CSCI 4150: Introduction to Artificial Intelligence, Fall 2005

Schedule

  1. [M 8/29] First half: Introduction (what is AI? state of the art; future), Overview of course. Second half: Scheme part I.

  2. [R 9/1] First half: Agents and environments. Second half: Scheme part II.

  3. [R 9/8] First half: structuring problems for search, blind searches (BFS, DFS, DLS, UCS). Second half: Scheme parts III and V (list recursion, recursion patterns, functional vs. procedural programming),

  4. [M 9/12] First half: Quiz 1, more blind searches (bidirectional search, UCS), BFS in Scheme, avoiding repeated states states.

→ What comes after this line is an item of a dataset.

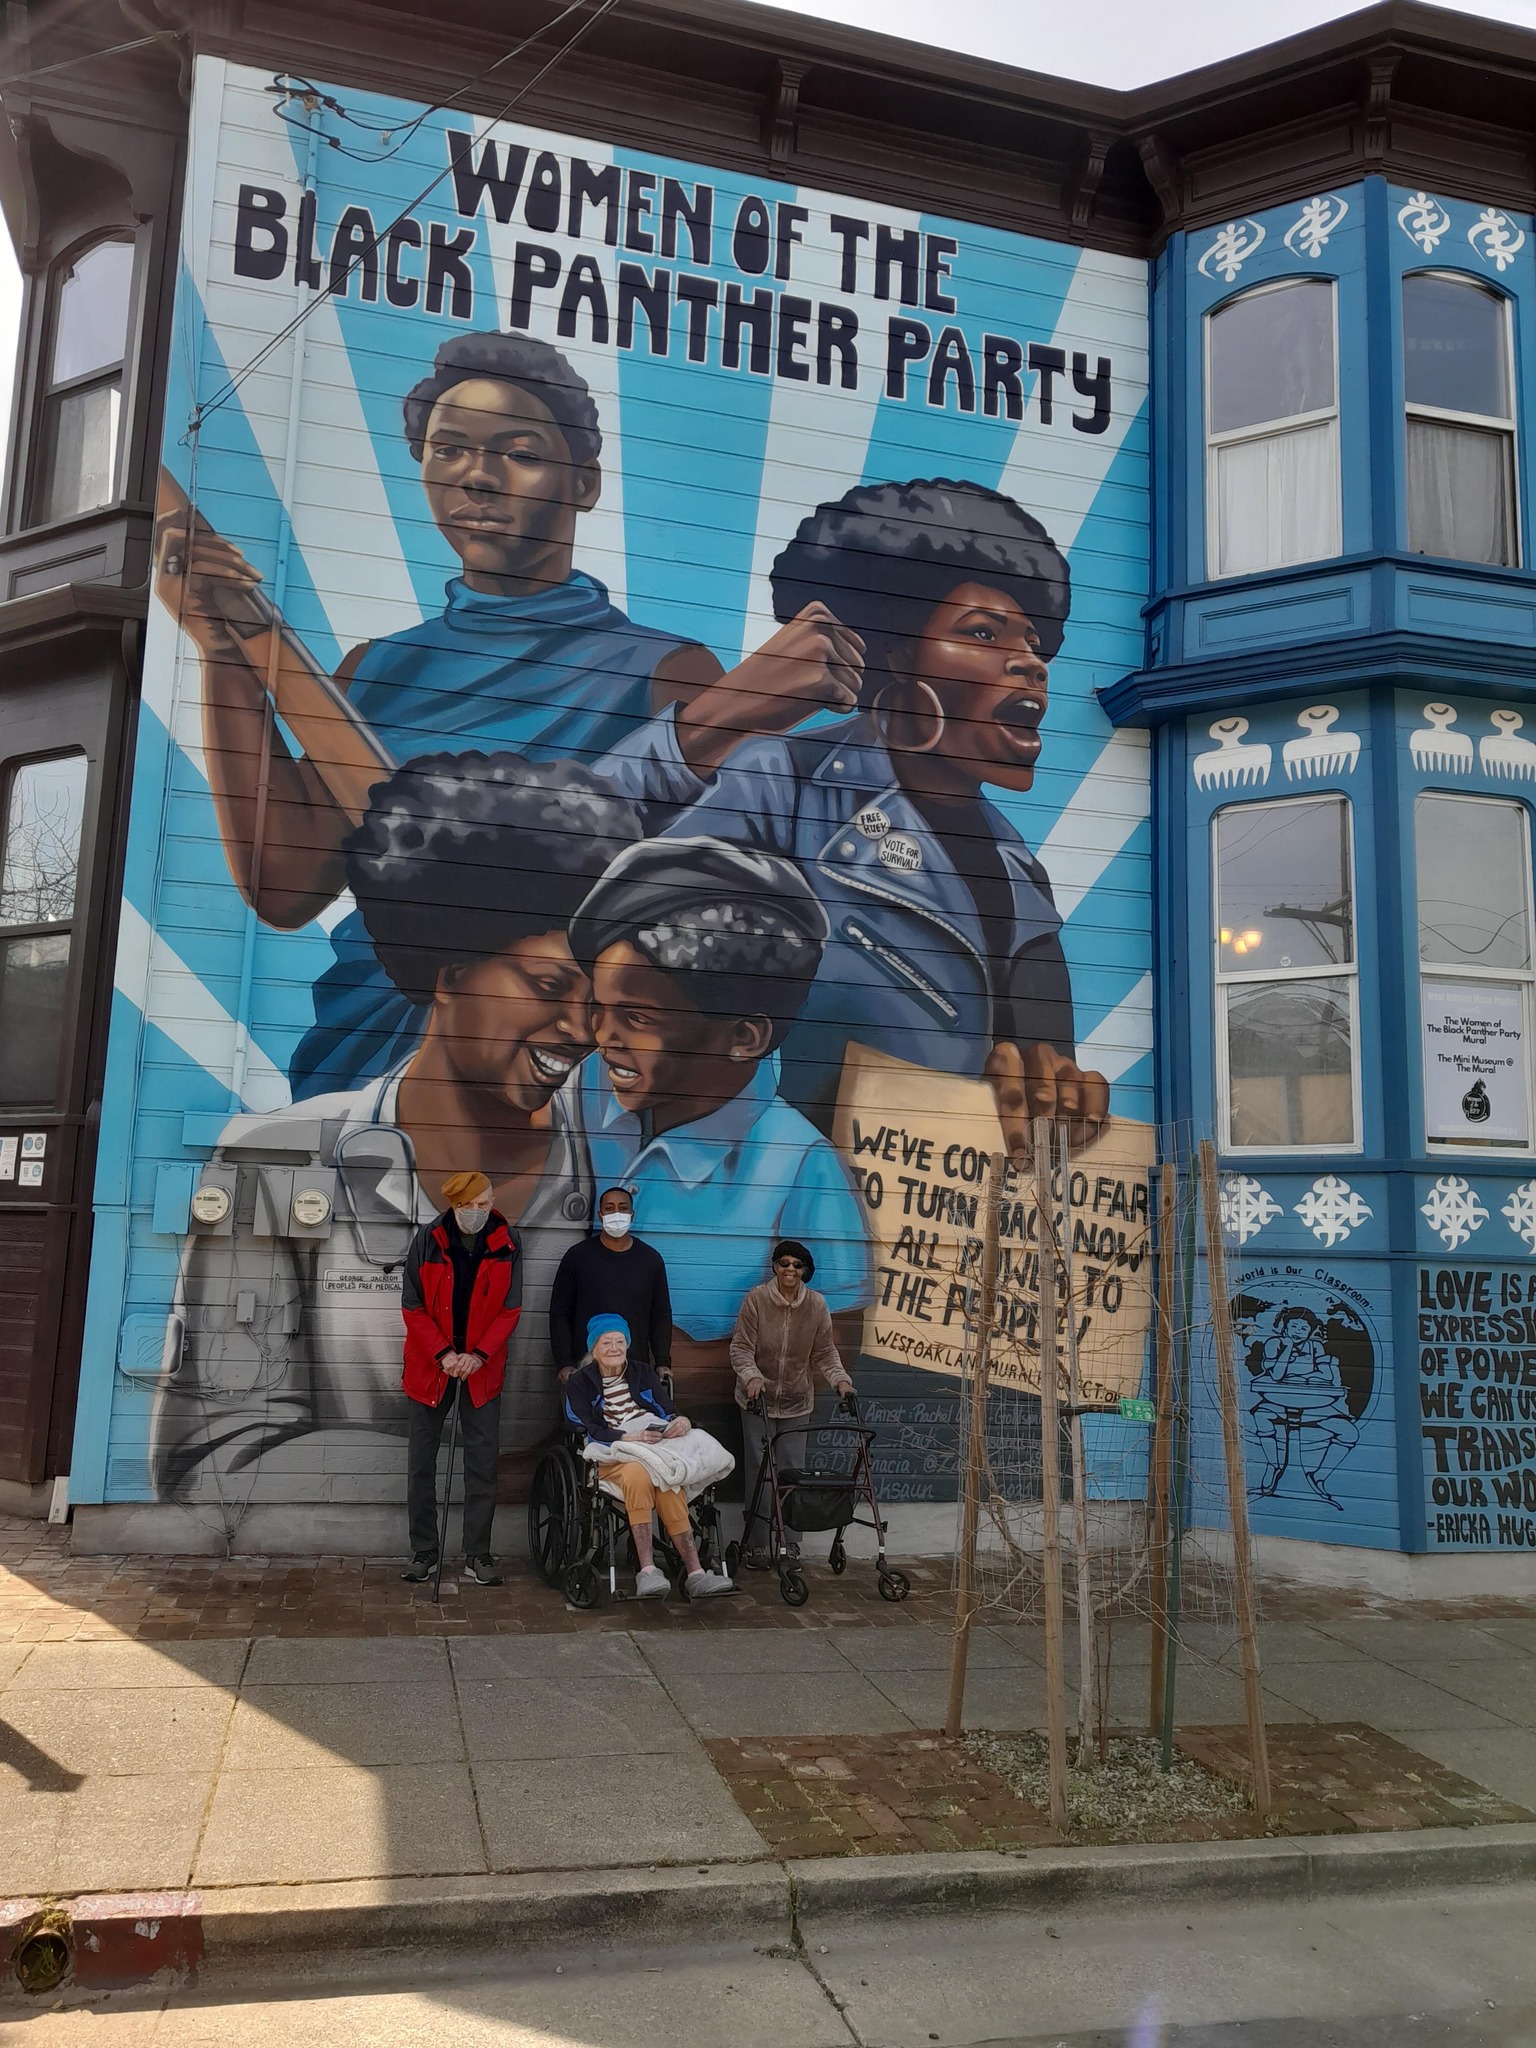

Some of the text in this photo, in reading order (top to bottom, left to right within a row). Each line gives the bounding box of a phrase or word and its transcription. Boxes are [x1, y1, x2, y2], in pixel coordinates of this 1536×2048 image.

Second half: heuristic search.

  5. [R 9/15] First half: Wrap-up of blind search and repeated state strategies, review of best-first searches (uniform cost, greedy, A*), properties of greedy search, A* algorithms (queue and open/closed list), admissibility of heuristics, optimality of A* (informal and formal proof), and Exercise 1. Second half: Scheme part IV (procedures as arguments, map, apply, lambda forms, implicit begins, printing).

  6. [M 9/19] First half: review of A* optimality proof (revised slides), properties of A*, consistency, optimal efficiency, dominance of heuristics. Returned Quiz 1 and Exercise 1 and went over Q1 solutions. Second half: creating heuristics via subproblems and relaxed problems.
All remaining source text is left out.